▶ Exercise details:
The expected output is every record below, transcribed exactly, with the pictures left out.

▶ Source material:
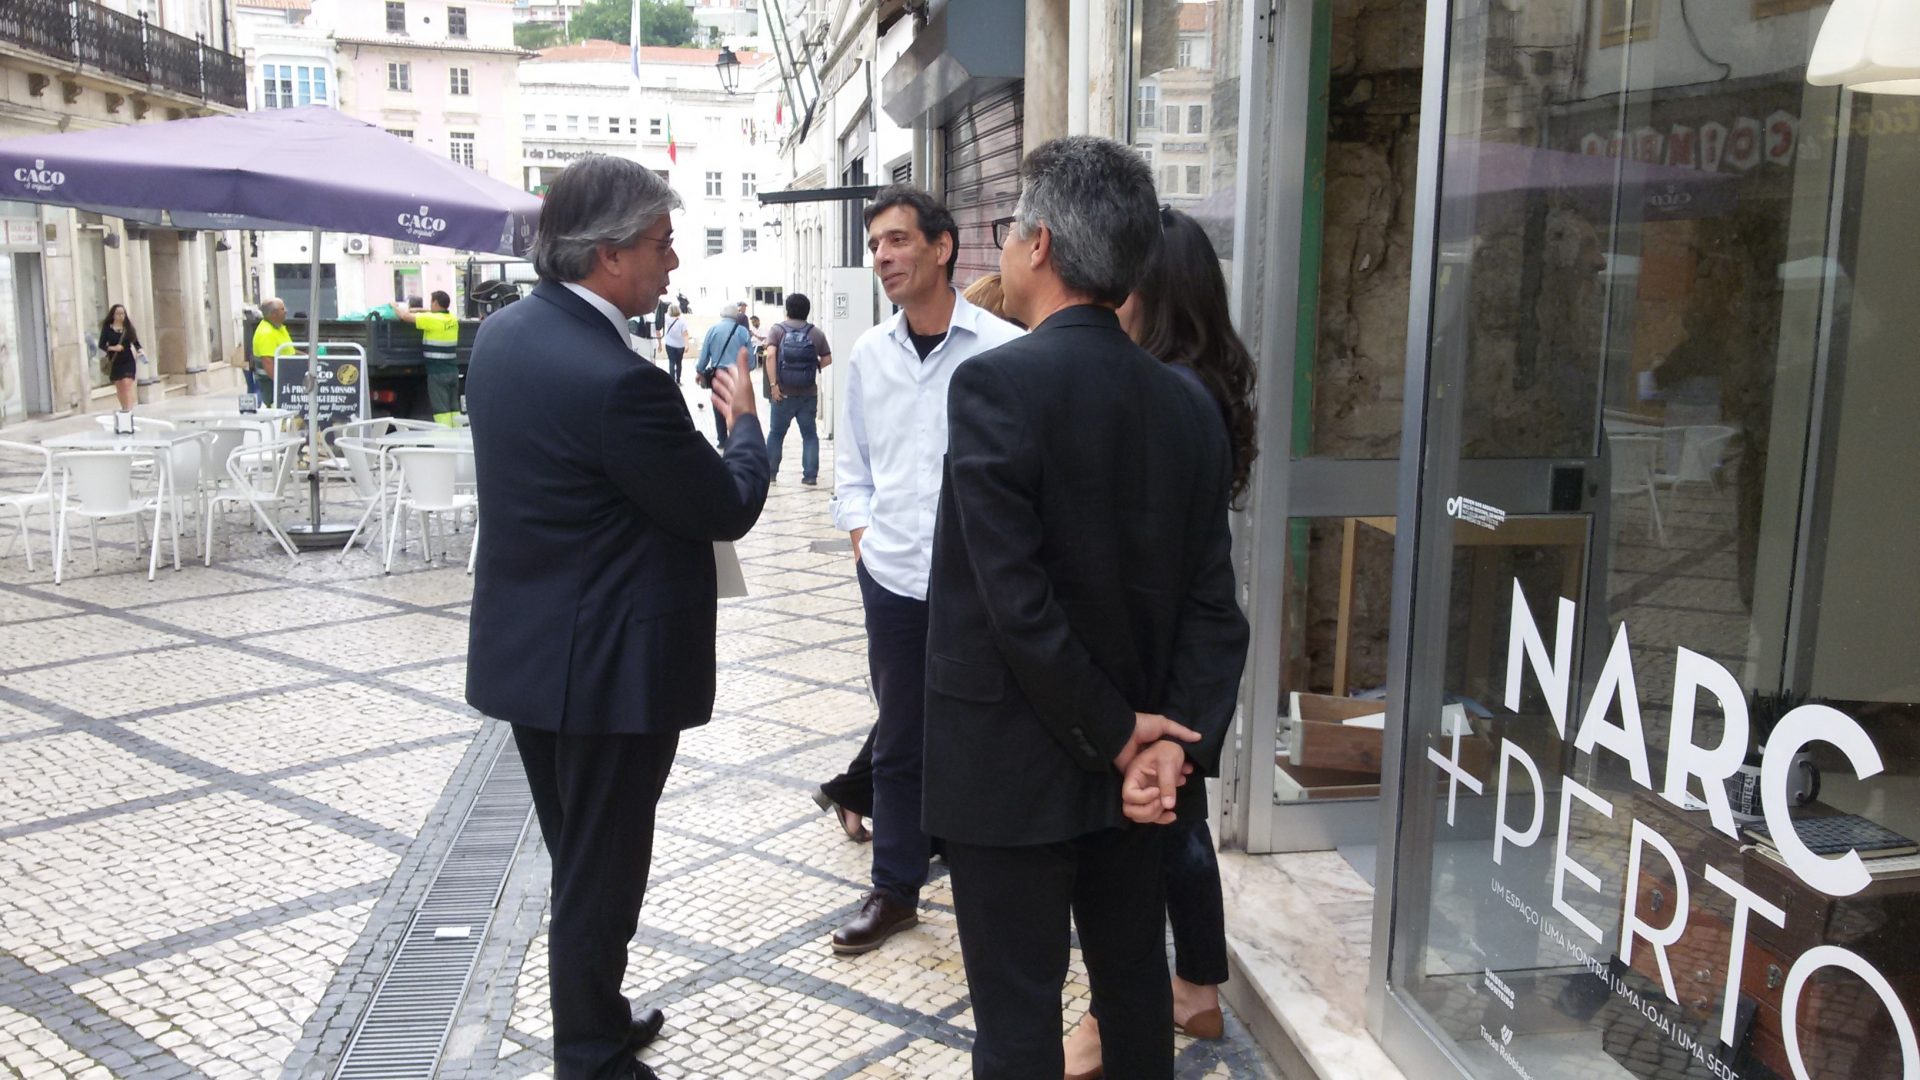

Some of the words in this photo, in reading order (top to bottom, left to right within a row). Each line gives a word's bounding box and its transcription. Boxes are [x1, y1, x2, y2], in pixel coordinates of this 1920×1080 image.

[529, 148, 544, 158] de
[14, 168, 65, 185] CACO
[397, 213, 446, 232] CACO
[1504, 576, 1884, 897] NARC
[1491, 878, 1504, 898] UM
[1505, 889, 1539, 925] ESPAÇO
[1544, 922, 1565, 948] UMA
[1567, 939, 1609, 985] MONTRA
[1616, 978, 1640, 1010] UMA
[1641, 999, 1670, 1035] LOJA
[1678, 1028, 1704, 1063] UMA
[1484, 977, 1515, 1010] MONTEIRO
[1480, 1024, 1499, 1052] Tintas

▶ Solution for this exercise:
Some of the words in this photo, in reading order (top to bottom, left to right within a row). Each line gives a word's bounding box and its transcription. Boxes are [x1, y1, x2, y2], in pixel coordinates of this 1920×1080 image.

[529, 148, 544, 158] de
[14, 168, 65, 185] CACO
[397, 213, 446, 232] CACO
[1504, 576, 1884, 897] NARC
[1491, 878, 1504, 898] UM
[1505, 889, 1539, 925] ESPAÇO
[1544, 922, 1565, 948] UMA
[1567, 939, 1609, 985] MONTRA
[1616, 978, 1640, 1010] UMA
[1641, 999, 1670, 1035] LOJA
[1678, 1028, 1704, 1063] UMA
[1484, 977, 1515, 1010] MONTEIRO
[1480, 1024, 1499, 1052] Tintas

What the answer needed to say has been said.